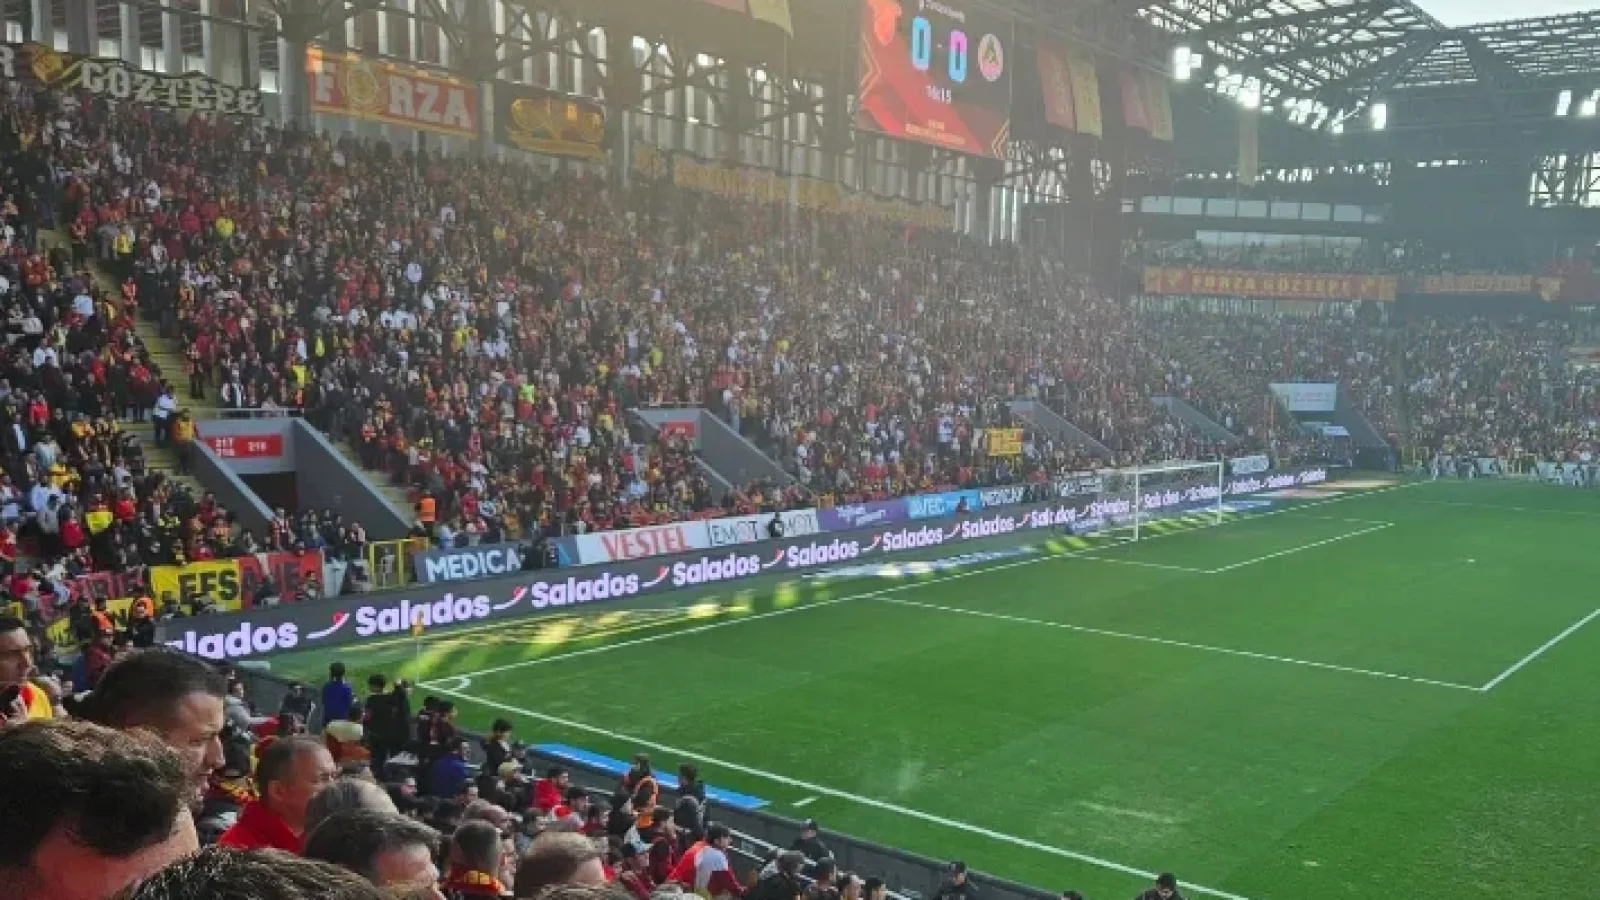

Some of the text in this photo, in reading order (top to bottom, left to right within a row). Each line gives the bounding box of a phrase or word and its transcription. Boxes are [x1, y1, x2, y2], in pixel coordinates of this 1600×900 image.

[912, 16, 931, 70] 0
[949, 29, 968, 84] 0
[355, 593, 491, 637] Salados
[531, 572, 639, 608] Salados
[672, 552, 760, 587] Salados
[787, 538, 859, 567] Salados
[882, 525, 943, 551] Salados
[961, 514, 1014, 539] Salados
[601, 526, 690, 561] VESTEL
______________________________
What the task asks
Word for word, retype the material above without its pictures.

Answer box
Some of the text in this photo, in reading order (top to bottom, left to right within a row). Each line gives the bounding box of a phrase or word and its transcription. Boxes are [x1, y1, x2, y2], in pixel coordinates of this 1600×900 image.

[912, 16, 931, 70] 0
[949, 29, 968, 84] 0
[355, 593, 491, 637] Salados
[531, 572, 639, 608] Salados
[672, 552, 760, 587] Salados
[787, 538, 859, 567] Salados
[882, 525, 943, 551] Salados
[961, 514, 1014, 539] Salados
[601, 526, 690, 561] VESTEL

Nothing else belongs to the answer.